Nvidia becomes world’s first chipmaker worth more than $1tn – as it happened

Nvidia's Grace Hopper superchips are displayed at one of the world's largest computer and technology trade shows, in Taipei.
Nvidia's Grace Hopper superchips are displayed at one of the world's largest computer and technology trade shows, in Taipei.
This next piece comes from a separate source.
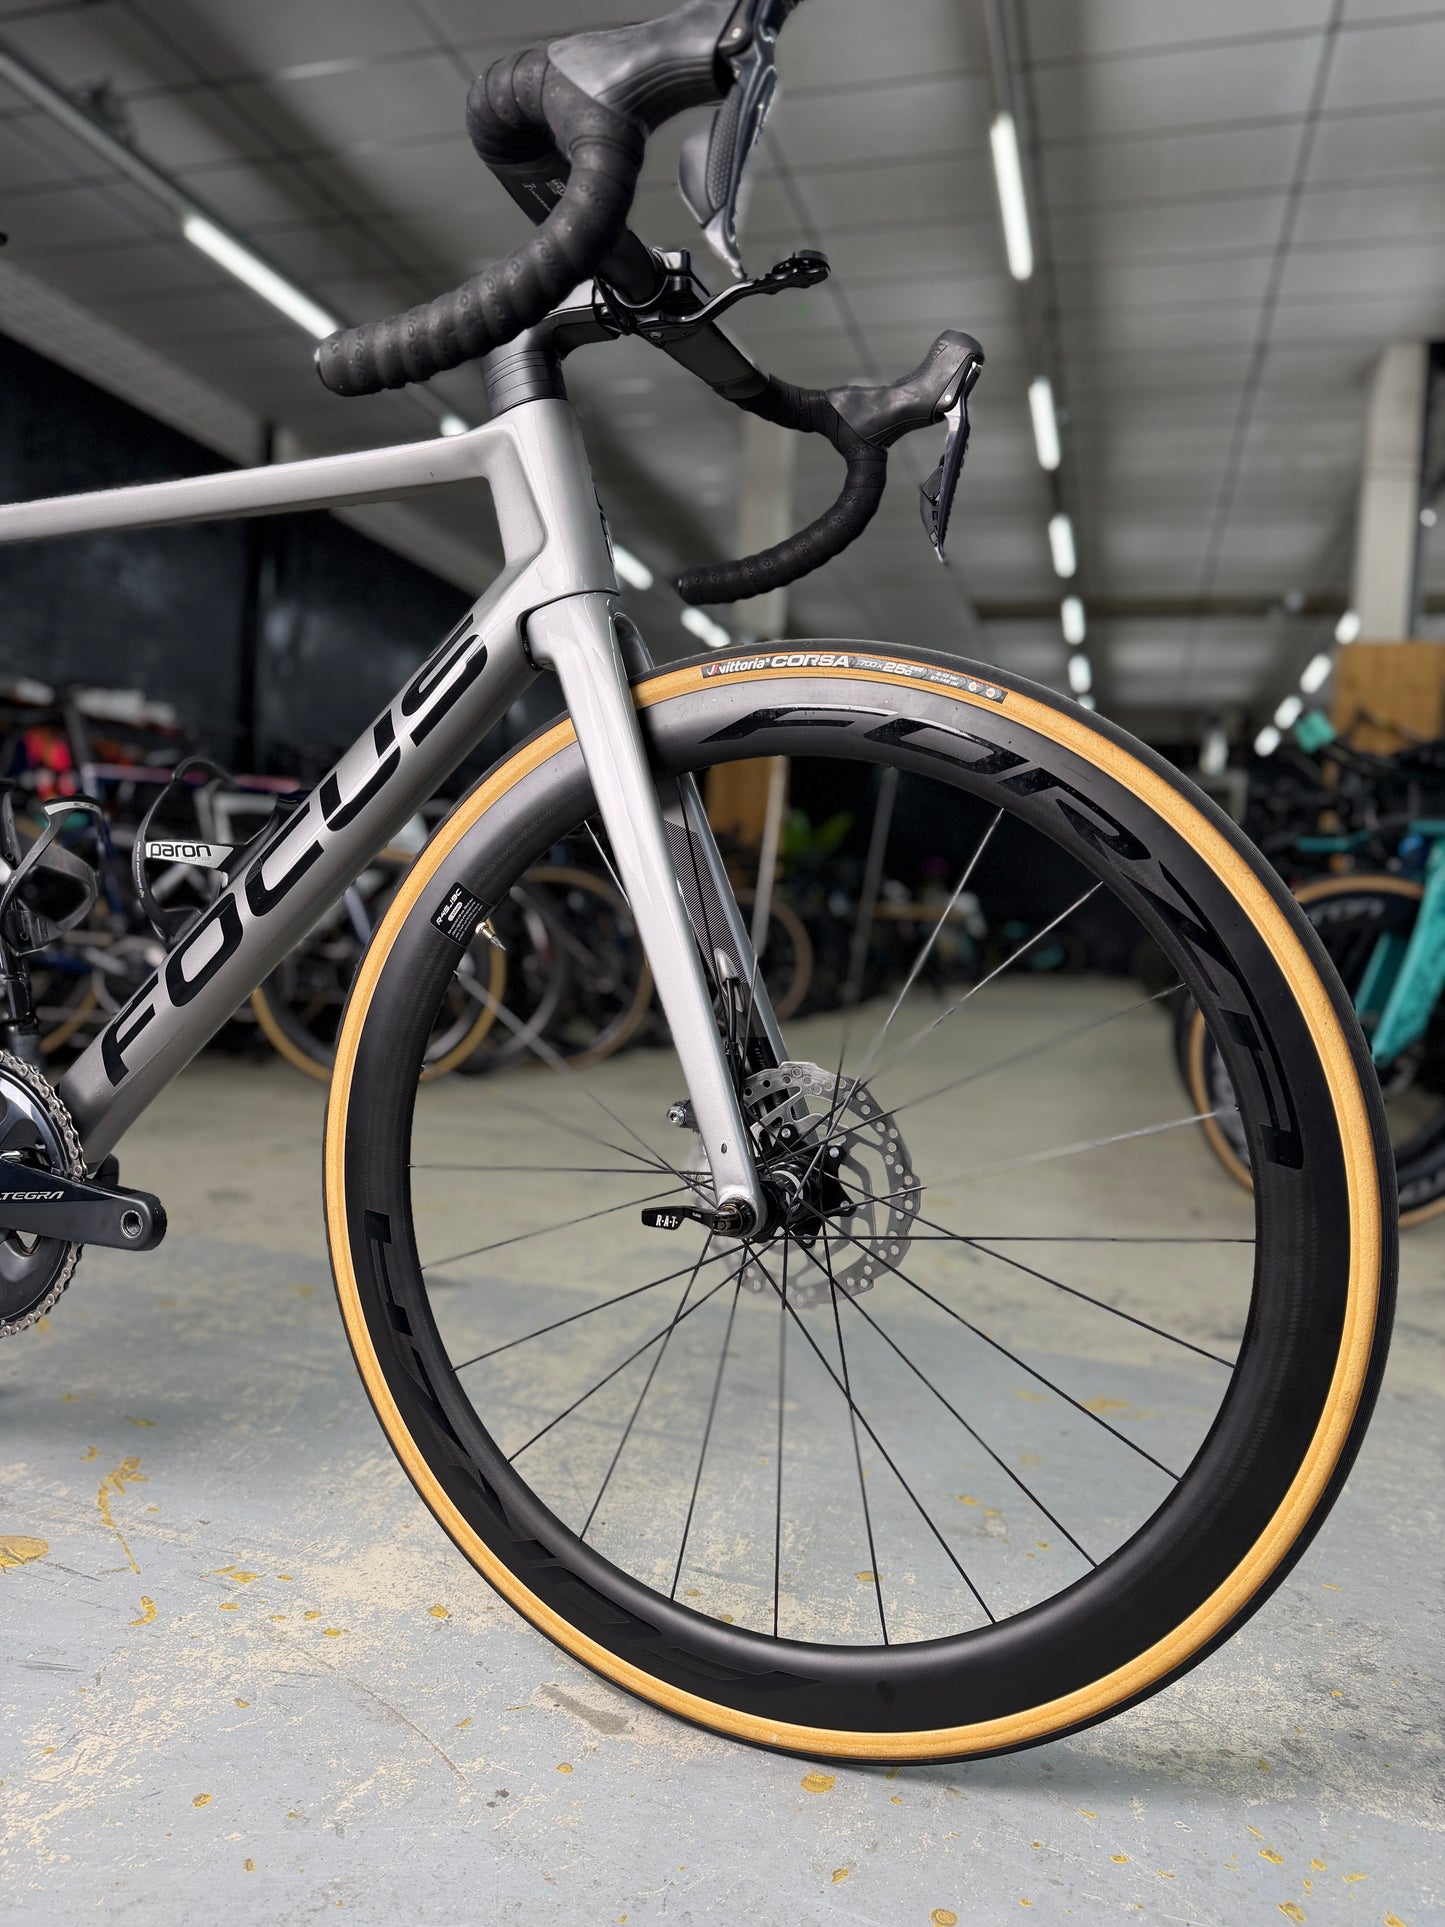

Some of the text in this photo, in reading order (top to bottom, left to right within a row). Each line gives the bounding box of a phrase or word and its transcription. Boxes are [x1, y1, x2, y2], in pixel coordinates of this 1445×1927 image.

Photograph: Ann Wang/Reuters

Closing summary

We started off the day with Asda’s much-anticipated acquisition of petrol station operator EG Group in a £2.3bn deal that will value the combined group at £10bn.

Elsewhere, it emerged that the Confederation for British Industry had drafted in lawyers to prepare for potential insolvency, with Sky News reporting that it was part of directors seeking advice on their duties in case the lobby group needed to be wound down

And in further bad news for homebuyers, rising interest rate expectations have meant that UK lenders have pulled more than 800 deals off the market.

And to round off the day, we finally saw the value of US chipmaker Nvidia rise above $1tn for the first time as it continues to ride the AI boom.

Here’s a round-up of our other business stories out today:

Thanks for tuning in – we’ll be back tomorrow.

Our full story on Nvidia reaching a valuation of $1tn is now live

BREAKING: Value of US chipmaker Nvidia hits $1tn

Shares in chipmaker Nvidia jumped 4.5% in early trading, taking its value above $1tn (£804bn) for the first time.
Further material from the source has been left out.